Rarement, le parlement fédéral a institué une commission d’enquête parlementaire (CEP). Mais la débâcle de Credit Suisse, rachetée en urgence par UBS, risque bien de lui faire franchir le pas et d’utiliser son «arme» la plus puissante. Ce lundi, le Bureau du Conseil national a décidé, à l’unanimité, de proposer la création d’une CEP. L’impulsion semble venue des chefs des groupes socialiste et UDC, Roger Nordmann (VD) et Thomas Aeschi (ZG).

Si le Bureau du Conseil des Etats confirme, la cinquième commission d’enquête parlementaire de l’histoire pourra s’ouvrir. Comprenant entre autres le président et les vice-présidents de la Chambre, ainsi que les chefs des groupes parlementaires. Le Bureau du National indique dans un communiqué qu’il souhaite «établir les responsabilités des autorités et organes concernant la reprise du Credit Suisse par l’UBS». La réglementation serait également passée au crible.

Lire aussi: Credit Suisse: le département de Karin Keller-Sutter ferme la porte à la transparence

«Très grave»

«Ce qui s’est passé est très grave.

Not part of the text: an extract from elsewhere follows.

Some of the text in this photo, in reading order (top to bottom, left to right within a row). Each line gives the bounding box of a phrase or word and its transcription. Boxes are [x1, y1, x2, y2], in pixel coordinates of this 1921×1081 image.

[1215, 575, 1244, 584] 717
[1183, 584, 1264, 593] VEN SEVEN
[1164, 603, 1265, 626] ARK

Des lois ont dû être conçues expressément pour ce cas, et la législation en vigueur devant protéger les banques d’importance systémique n’a absolument pas marché», condamne Thomas Aeschi. «Les autorités n’ont pas réussi à éviter la catastrophe. La Finma a totalement échoué. Elle n’est pas intervenue comme elle l’aurait dû.»

Lire aussi: Après Credit Suisse, l’image des banques en question

Une fois n’est pas coutume, le responsable des élus fédéraux de l’UDC conservatrice s’accorde avec son homologue socialiste. «Cette commission d’enquête parlementaire portera sur l’action des autorités et la législation sur les banques d’importance systémique», confirme Roger Nordmann. «C’est une question de dignité du pays. Cela m’étonnerait que le Conseil des Etats refuse. S’il le faisait, ce serait peu glorieux.»

Unité politique, jusqu’à quand?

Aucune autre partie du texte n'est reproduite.